===== TASK INPUT
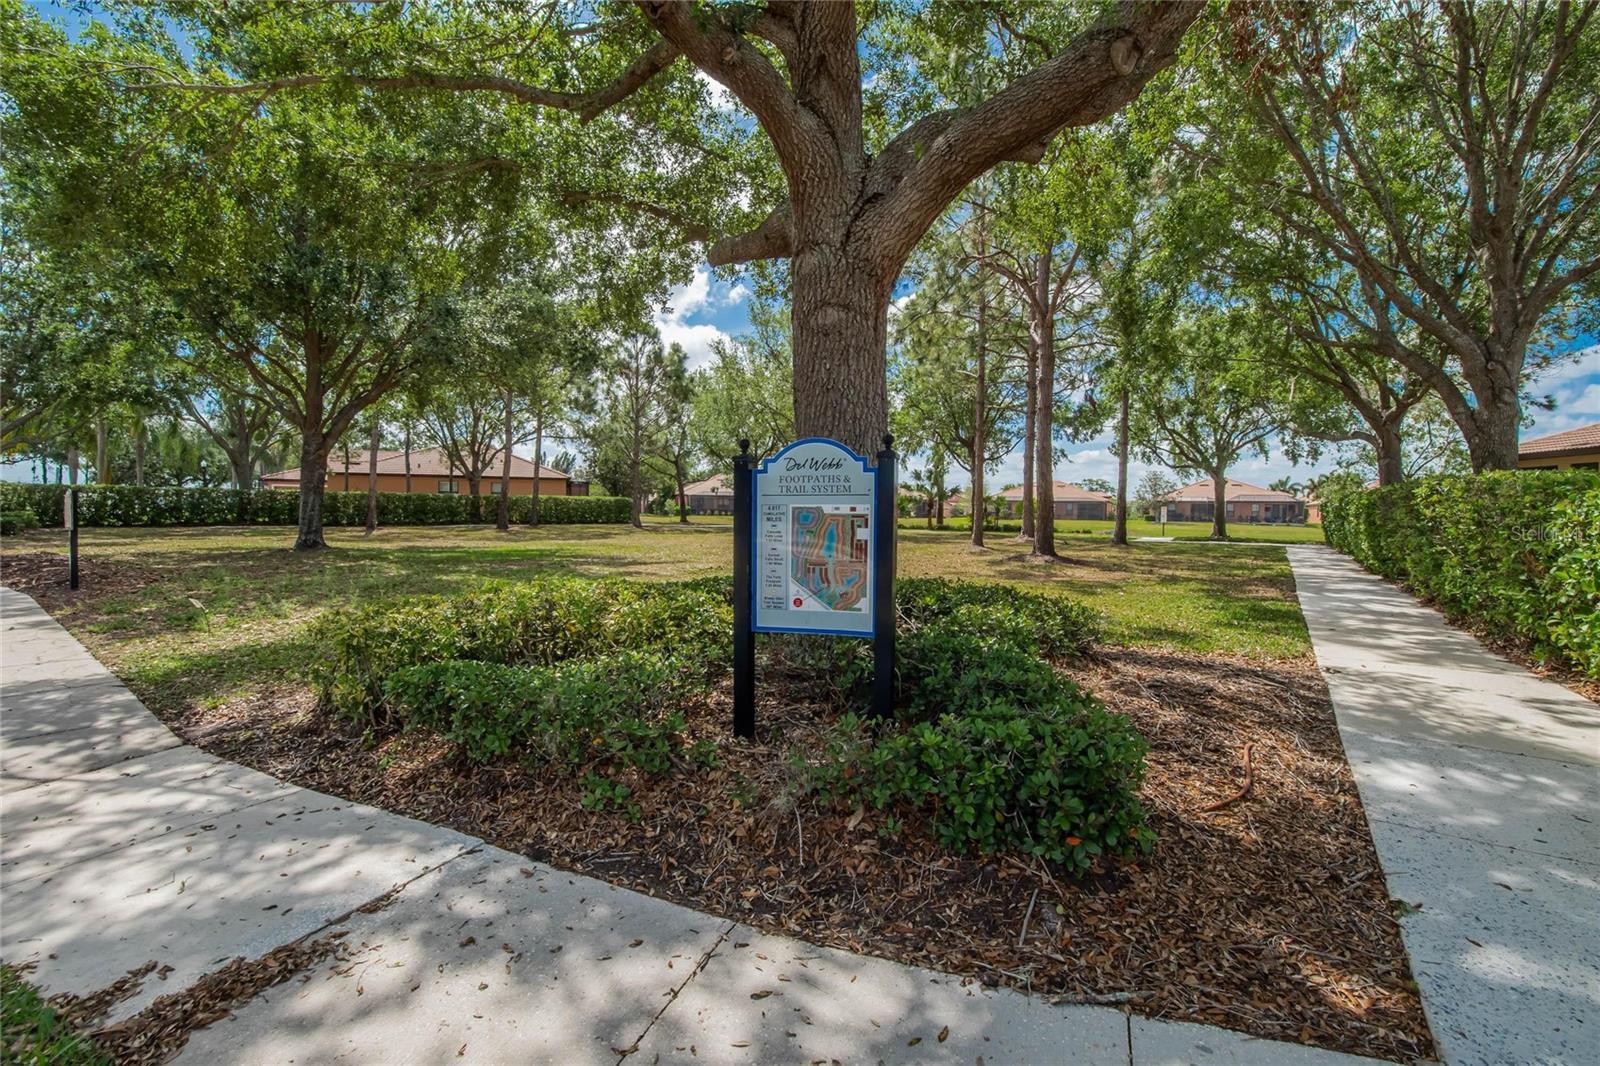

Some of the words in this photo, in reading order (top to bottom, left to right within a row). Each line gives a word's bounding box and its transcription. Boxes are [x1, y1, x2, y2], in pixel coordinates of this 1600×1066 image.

[784, 457, 808, 471] Del
[809, 457, 843, 471] Webb
[779, 474, 841, 484] FOOTPATHS
[843, 474, 852, 484] &
[779, 484, 809, 494] TRAIL
[811, 484, 852, 494] SYSTEM
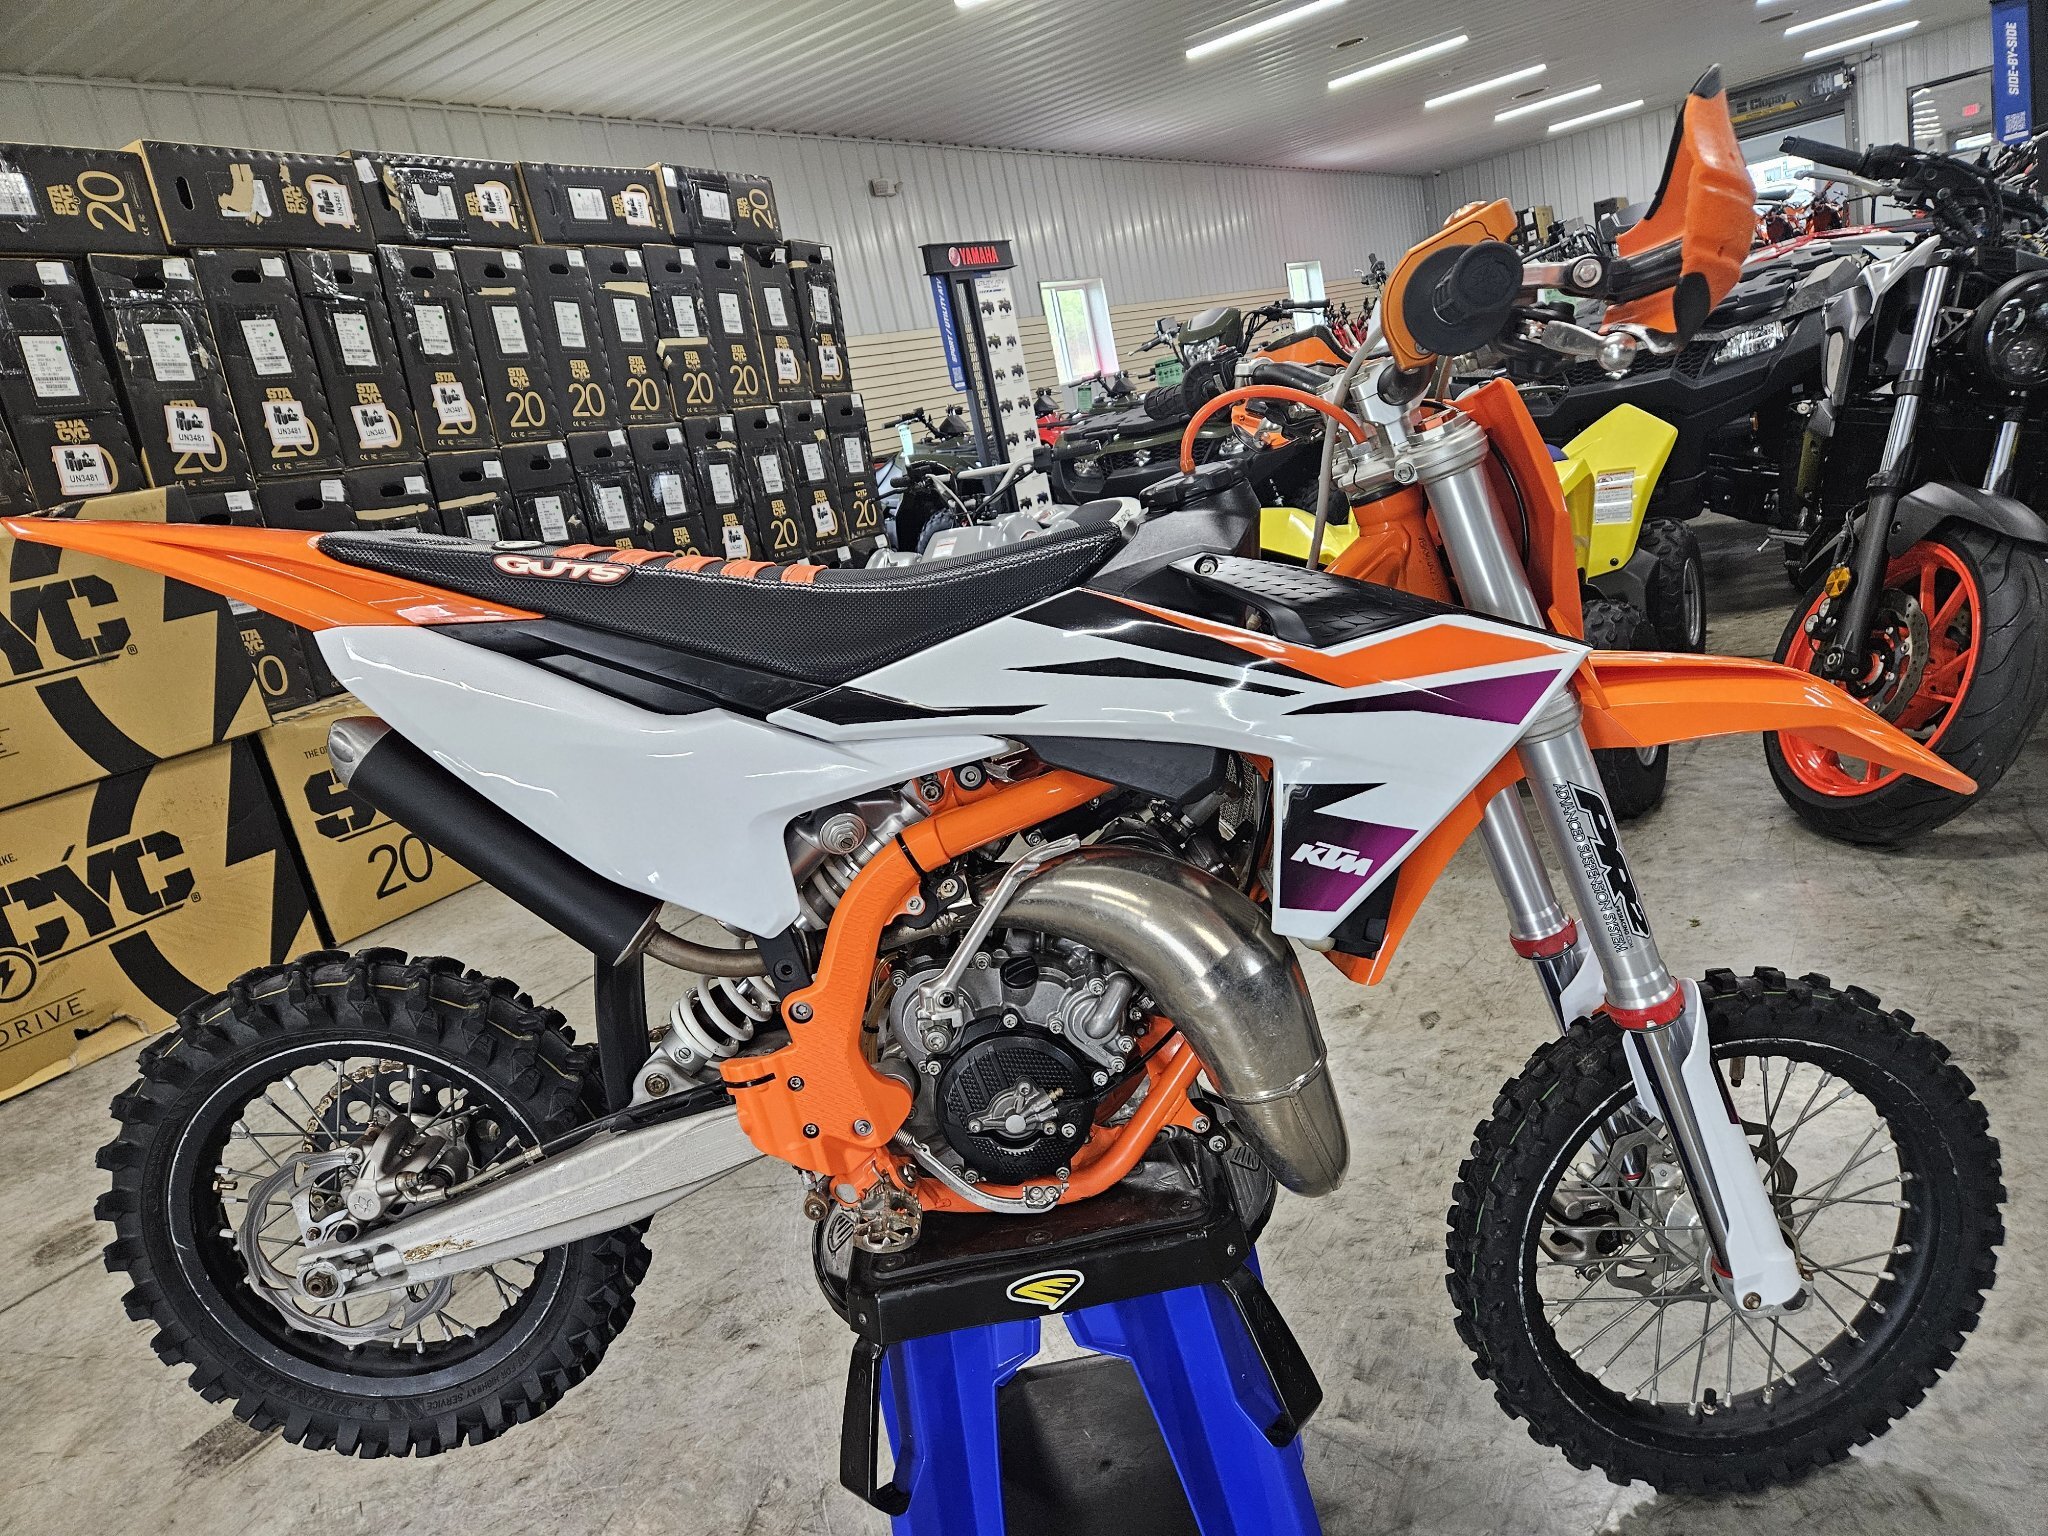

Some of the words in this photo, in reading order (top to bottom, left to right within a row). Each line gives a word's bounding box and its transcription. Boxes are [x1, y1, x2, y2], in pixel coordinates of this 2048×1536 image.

[2005, 21, 2020, 96] SIDE-BY-SIDE
[76, 170, 137, 233] 20
[748, 188, 774, 230] 20
[959, 246, 999, 265] YAMAHA
[936, 277, 944, 297] ATV
[939, 295, 951, 329] UTILITY
[948, 334, 958, 363] SPORT
[266, 387, 292, 399] STA
[355, 382, 379, 394] STA
[626, 378, 660, 410] 20
[683, 372, 714, 404] 20
[730, 365, 759, 395] 20
[506, 391, 546, 427] 20
[568, 383, 606, 416] 20
[179, 433, 205, 442] UN3481
[69, 474, 99, 483] UN3481
[853, 500, 877, 528] 20
[771, 518, 798, 549] 20
[493, 554, 630, 584] GUTS
[303, 748, 319, 760] THE
[368, 834, 433, 900] 20
[1290, 841, 1374, 877] KTM
[1552, 783, 1586, 843] ADVANCED
[1577, 843, 1613, 912] SUSPENSION
[1602, 912, 1629, 954] SYSTEM
[1566, 781, 1650, 939] PR2
[426, 1393, 464, 1411] SERVICE
==========
● ACTION ITEM:
A verbatim copy of the records is needed, with all images omitted.

● RESPONSE:
Some of the words in this photo, in reading order (top to bottom, left to right within a row). Each line gives a word's bounding box and its transcription. Boxes are [x1, y1, x2, y2], in pixel coordinates of this 1600×1066 image.

[784, 457, 808, 471] Del
[809, 457, 843, 471] Webb
[779, 474, 841, 484] FOOTPATHS
[843, 474, 852, 484] &
[779, 484, 809, 494] TRAIL
[811, 484, 852, 494] SYSTEM

Some of the words in this photo, in reading order (top to bottom, left to right within a row). Each line gives a word's bounding box and its transcription. Boxes are [x1, y1, x2, y2], in pixel coordinates of this 2048×1536 image.

[2005, 21, 2020, 96] SIDE-BY-SIDE
[76, 170, 137, 233] 20
[748, 188, 774, 230] 20
[959, 246, 999, 265] YAMAHA
[936, 277, 944, 297] ATV
[939, 295, 951, 329] UTILITY
[948, 334, 958, 363] SPORT
[266, 387, 292, 399] STA
[355, 382, 379, 394] STA
[626, 378, 660, 410] 20
[683, 372, 714, 404] 20
[730, 365, 759, 395] 20
[506, 391, 546, 427] 20
[568, 383, 606, 416] 20
[179, 433, 205, 442] UN3481
[69, 474, 99, 483] UN3481
[853, 500, 877, 528] 20
[771, 518, 798, 549] 20
[493, 554, 630, 584] GUTS
[303, 748, 319, 760] THE
[368, 834, 433, 900] 20
[1290, 841, 1374, 877] KTM
[1552, 783, 1586, 843] ADVANCED
[1577, 843, 1613, 912] SUSPENSION
[1602, 912, 1629, 954] SYSTEM
[1566, 781, 1650, 939] PR2
[426, 1393, 464, 1411] SERVICE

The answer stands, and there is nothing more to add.